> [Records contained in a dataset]
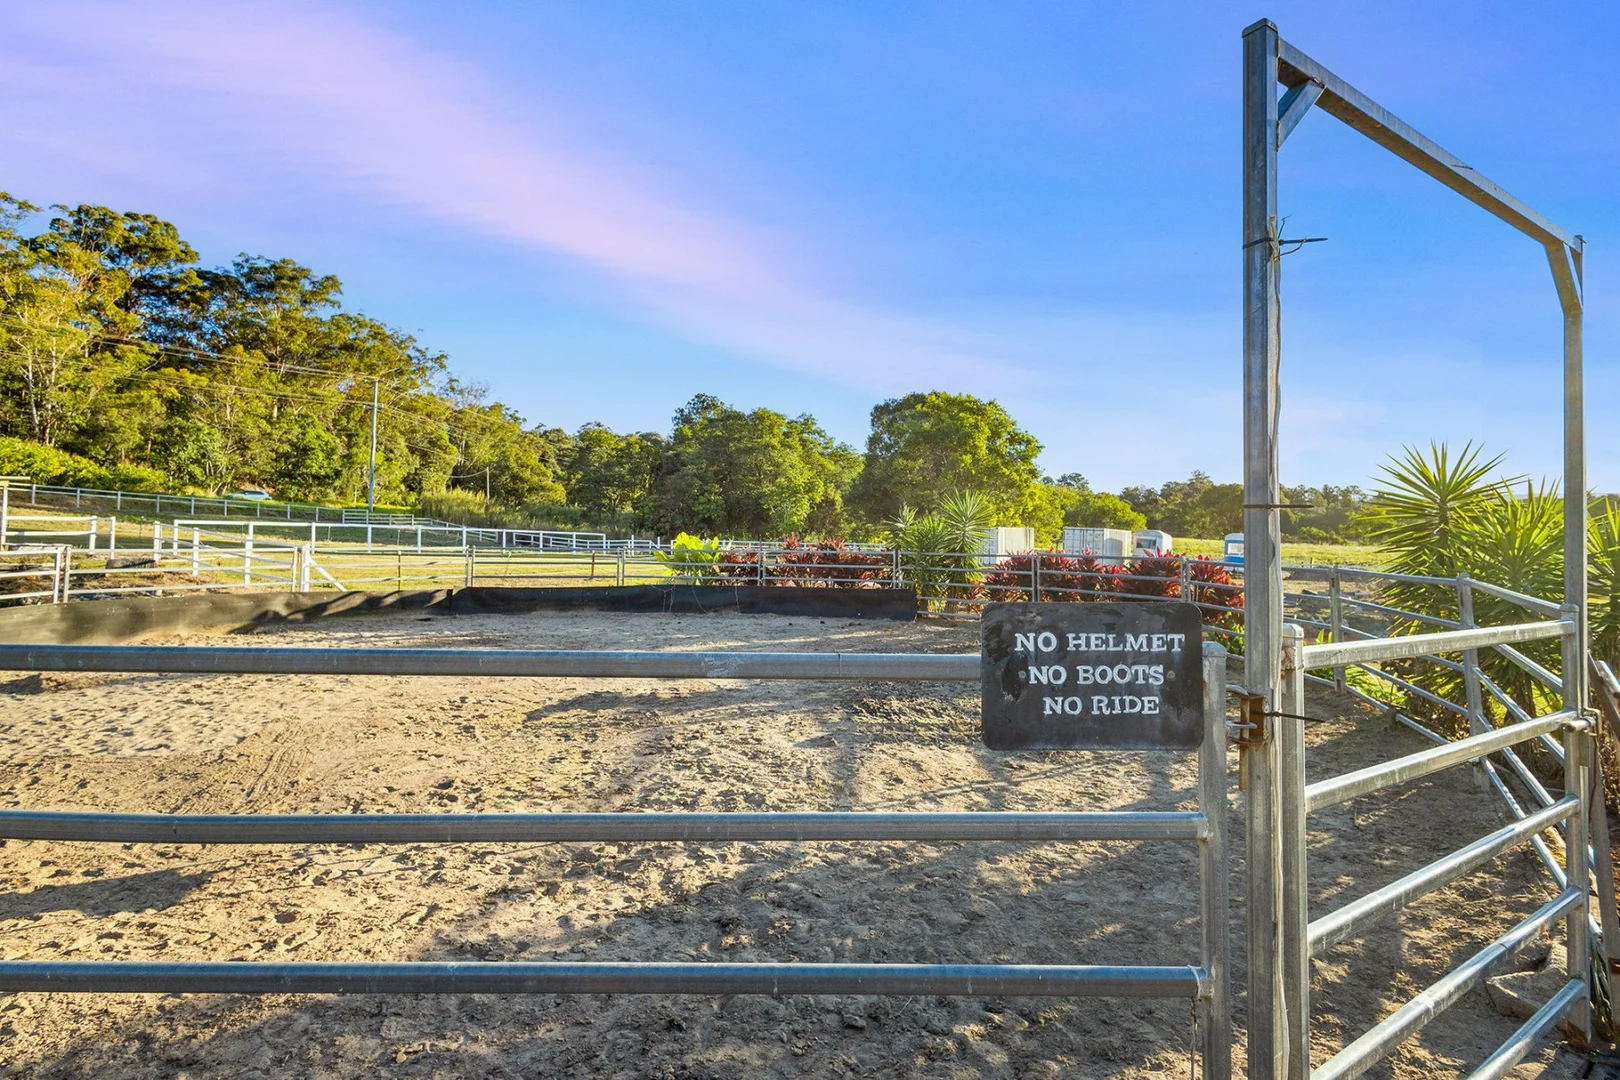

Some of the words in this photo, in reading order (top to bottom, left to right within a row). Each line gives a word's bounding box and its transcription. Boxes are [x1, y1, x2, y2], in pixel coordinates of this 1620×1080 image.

[1014, 631, 1057, 652] NO
[1066, 633, 1186, 652] HELMET
[1028, 665, 1067, 685] NO
[1076, 664, 1164, 686] BOOTS
[1043, 696, 1083, 715] NO
[1091, 695, 1160, 715] RIDE

> [Task statement]
Return the data verbatim, leaving out the pictures it holds.

> [Exercise answer]
Some of the words in this photo, in reading order (top to bottom, left to right within a row). Each line gives a word's bounding box and its transcription. Boxes are [x1, y1, x2, y2], in pixel coordinates of this 1620×1080 image.

[1014, 631, 1057, 652] NO
[1066, 633, 1186, 652] HELMET
[1028, 665, 1067, 685] NO
[1076, 664, 1164, 686] BOOTS
[1043, 696, 1083, 715] NO
[1091, 695, 1160, 715] RIDE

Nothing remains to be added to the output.